Let’s start with pop culture. The menopause has been given some attention in film and TV, but there are only a few well-known moments that really stand out. From the amusing portrayal of the menopause on an episode of The Cosby Show (albeit, in 1990), to the famous Samantha Jones in Sex and the City, trying absolutely everything to fight her hot flushes, the menopause has lent itself to some humorous on-screen moments from some big-name shows. More recently, and with a more serious tone, the menopause has been mentioned in House of Cards, as Claire (the congressman’s wife) is going through the menopause and is caught cooling herself off by the fridge, and later discusses how she’s feeling with her husband.
…a lot of taboos are broken through their representation in films, music, and TV, it’s always encouraging to see the menopause being discussed and portrayed.
Many women were happy to see this portrayal of the menopause, as it wasn’t the punchline of a joke and it showed the difficulties of the menopause. On top of that, House of Cards is a show with a diversified audience of both men and women, and young and old making it a conversation that would reach many.

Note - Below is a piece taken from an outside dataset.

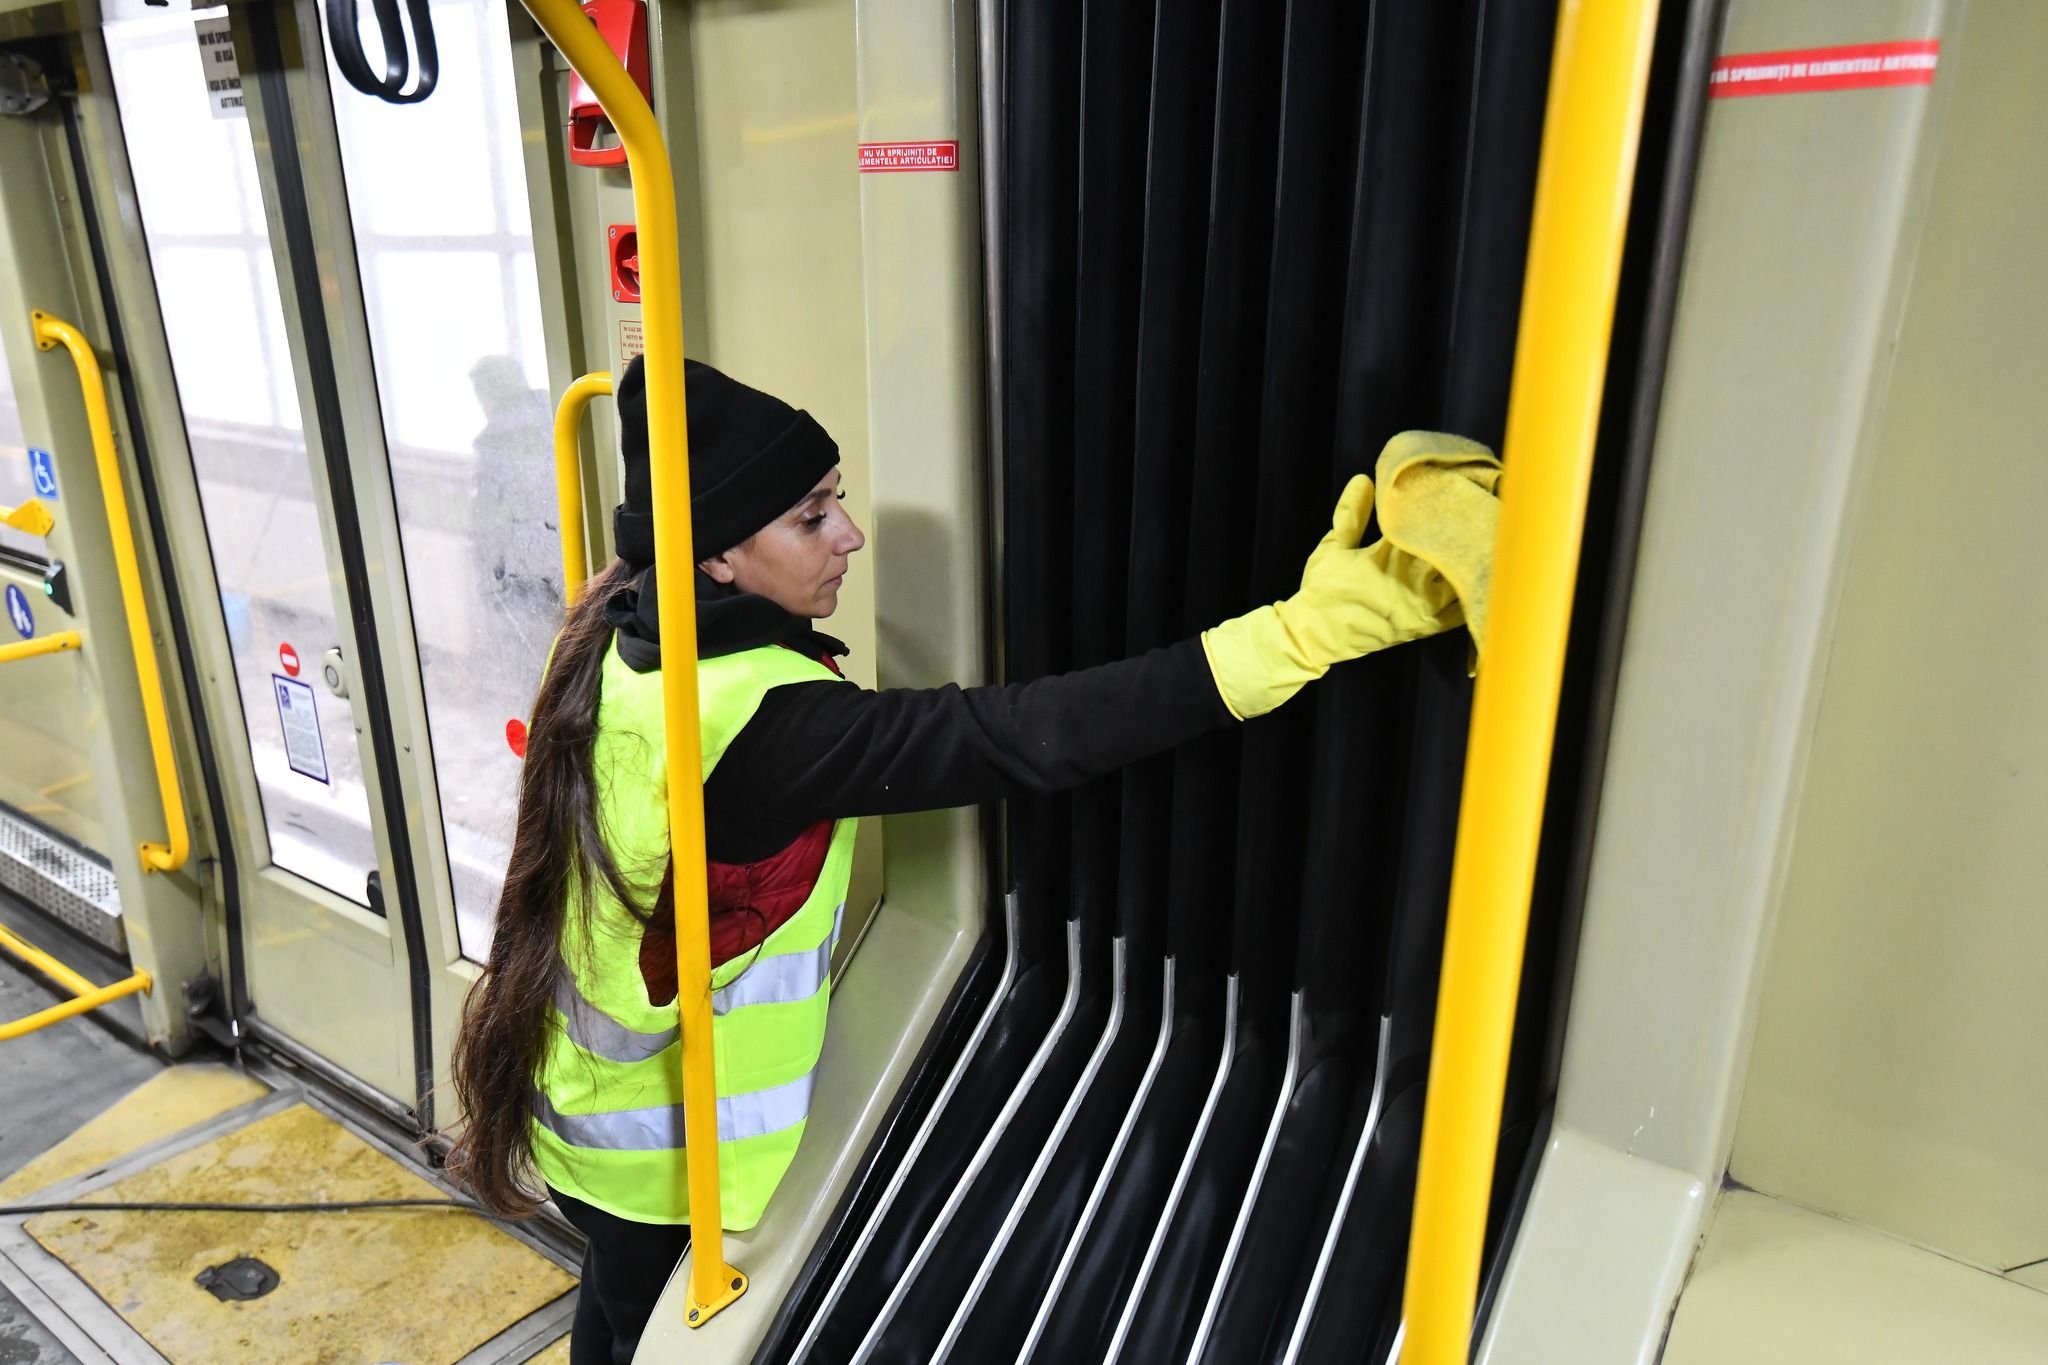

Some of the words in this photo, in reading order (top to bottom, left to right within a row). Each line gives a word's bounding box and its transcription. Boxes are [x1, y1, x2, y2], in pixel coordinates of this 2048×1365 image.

[1791, 63, 1807, 78] DE
[864, 150, 873, 158] NU
[927, 147, 937, 156] DE

Yet, Claire was brief and guarded. While this may be realistic (of course it can be awkward having those first conversations about the menopause), it didn’t really provide the House of Cards audience with much else about the menopause apart from the obvious. Since a lot of taboos are broken through their representation in films, music, and TV, it’s always encouraging to see the menopause being discussed and portrayed. But there are currently only a small handful of examples, especially of those that are specifically geared towards an older, female audience.

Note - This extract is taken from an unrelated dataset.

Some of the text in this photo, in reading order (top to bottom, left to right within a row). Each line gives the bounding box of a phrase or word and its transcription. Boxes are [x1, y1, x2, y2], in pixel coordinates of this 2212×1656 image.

The medical community is still learning about the menopause and the right treatments.
While pop culture references are important, they aren’t the only way to break a stigma. In 1988, Bob Doyle (a World War II hero and leader of the United States Senate), spoke publicly about erectile dysfunction (ED) and the need to talk about it. Because of that, the stigma around (ED) began to decline, and now Viagra ads are quite common and even on full display on the front window of your local Boots. Unfortunately, this movement hasn’t happened for the menopause yet. In part, the problem is lack of knowledge. The medical community is still learning about the menopause and the right treatments. The menopause affects all areas of the body and mind, so it’s a complex subject that does deserve thorough research and understanding. But for the products that do or can work, it can be difficult to advertise them, which further deepens the menopause stigma. For example, last summer, Diane Danzebrink, founder of Menopause Support, slammed Facebook for banning an advert for their Understanding Menopause event simply because it referred to the word libido. Yet, libido is a medical term and is affected by the menopause, so why shouldn’t it be discussed?
But if issues like ED in men can be destigmatised, why can’t the menopause?
Again, it’s hard to know exactly how deep the problem is. For now, we know there are mountains to move with regards to how the menopause is discussed and seen publicly. If it’s such a normal part of life, why don’t we see it more on screens? The great news is that more and more women in the public eye are talking about the menopause, which is in turn getting more and more media attention. It can be difficult to understand if you’re not going through it and for some it might be an awkward subject to broach. But if issues like ED in men can be destigmatised, why can’t the menopause? The more we push for the conversation, the more normal it will be.